Elder Monson said, “I stood at the pulpit with tear-filled eyes and a voice choked with emotion and made a promise to the people: ‘If you will remain true and faithful to the commandments of God, every blessing any member of the Church enjoys in any other country will be yours.'”
He continued, “When I got back to the old hotel that night – it was really dreary – I knew I had promised what I could not deliver. I got upon my knees, and I prayed to our Heavenly Father: ‘Here I am. Thou knowest what I said. Wilt thou honor the promise?’ I remembered the revelation where the Lord said, ‘Whether by my own voice or the voice of my servants, it is the same.'”
During the next years, Elder Monson made many trips to the Saints in East Germany (the Democratic German Republic), giving them love and encouragement and growing in heartfelt attachment to the people.
“I never go to the Dresden mission but that I am uplifted,” he wrote. He felt compassion for their plight. Werner Adler had been a district president for 19 years, and he and his wife had been invited to General Conference – a remarkable opportunity that could include their chance to go to the temple and be sealed. However, they had no children, and the government was worried that they would not return. Sister Adler was not granted permission.
During that meeting Elder Monson “noticed that Brother Adler’s clothing, though well kept, was rather old. I struck upon the idea that perhaps my suit would fit him. I tried upon him the suit jacket. He was so pleased and said that it fit just fine. I then put on a pair of slacks and a jacket and left my suit with Brother Adler. I also left several ties and a shirt. He was overjoyed.

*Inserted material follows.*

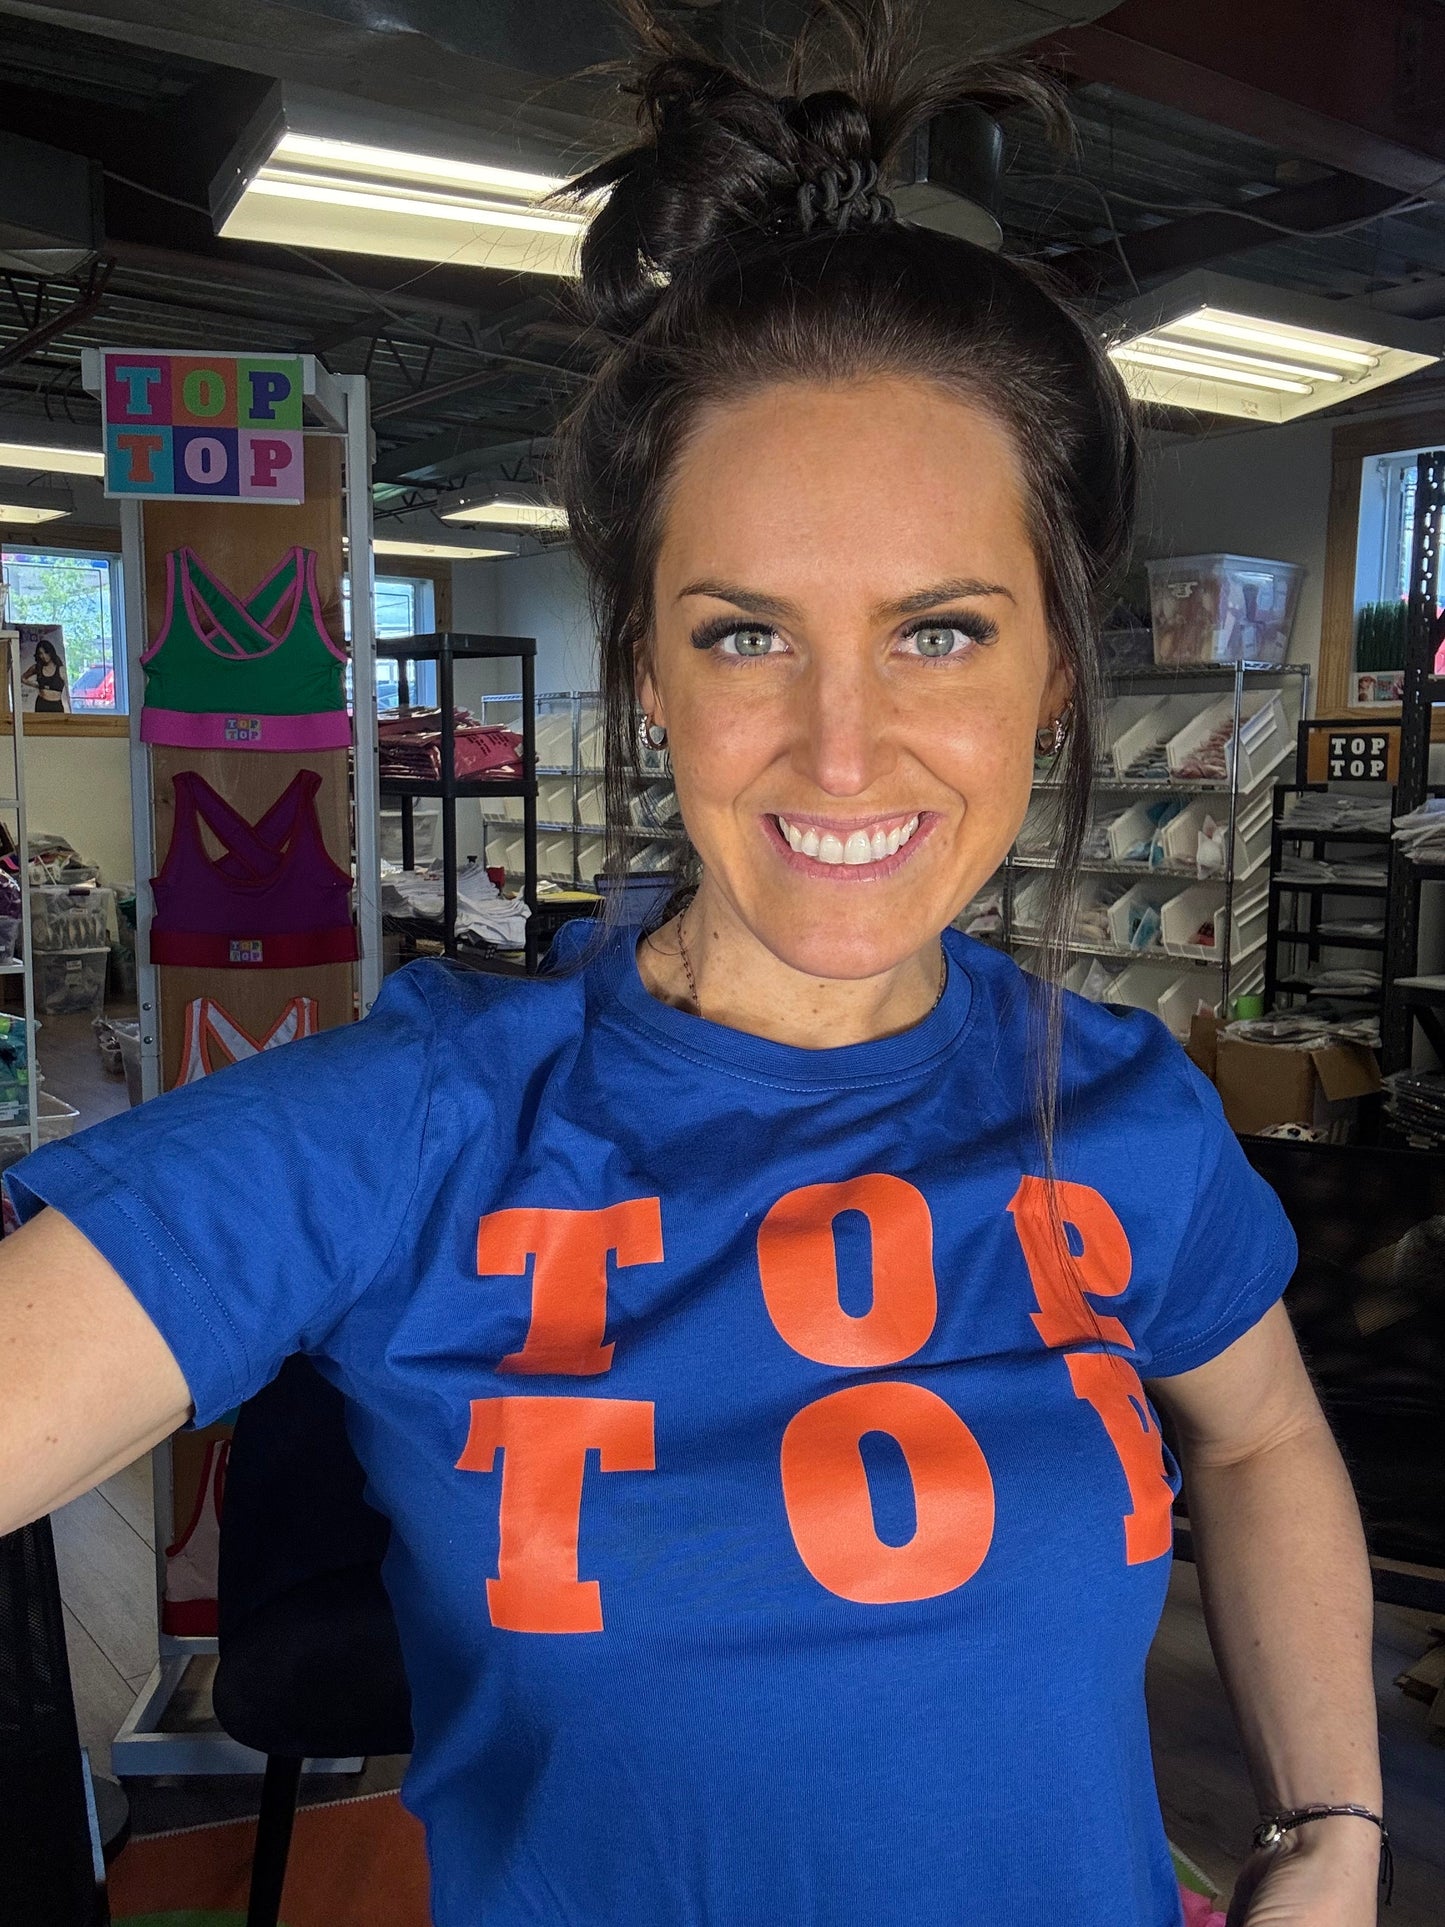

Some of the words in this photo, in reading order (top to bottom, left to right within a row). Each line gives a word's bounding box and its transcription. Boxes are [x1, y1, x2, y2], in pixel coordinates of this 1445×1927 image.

I then turned to Brother Lehmann, the patriarch, and placed my shoe along one of his and said, ‘Would these shoes fit you?’ He looked and then said sadly, ‘No, they’re a little large.’ Then his eyes brightened, and he said in English, ‘They will fit my son!’ I then gave him the shoes for his son.”
The promise Elder Monson had given the Saints in Goerlitz would gradually and steadily be fulfilled. Elder Monson (there with other local Church leaders) wrote, “On Sunday morning, April 27, 1975, I stood on an outcropping of rock situated between the cities of Dresden and Meissen, high above the Elbe River, in the German Democratic Republic. I responded to the promptings of the Holy Spirit and offered a prayer of dedication on that land and its people. That prayer noted the faith of the members. It emphasized the tender feelings of many hearts filled with an overwhelming desire to obtain temple blessings.
A plea for peace was expressed. Divine help was requested. I voiced the words: ‘Dear Father, let this be the beginning of a new day for the members of Thy church in this land.'”
Officials of the Democratic German Republic came to know the Latter-day Saints. Partly, it was because Church members were always asking to go to the temple in Switzerland, and were usually denied. Yet mostly, it was the honesty and integrity of the Saints who kept their word about returning to East Germany when they left, that impressed the Germans.
Elder Monson and other leaders worked closely with the government of the country, understanding that the goal of building the Church couldn’t be done without the acceptance of the government.
On April 23, 1983, miraculously, Elder Thomas S. Monson broke ground for the Freiberg Temple – behind the Iron Curtain. His prophecy in 1968, combined with steady years of patience and love, had paid off.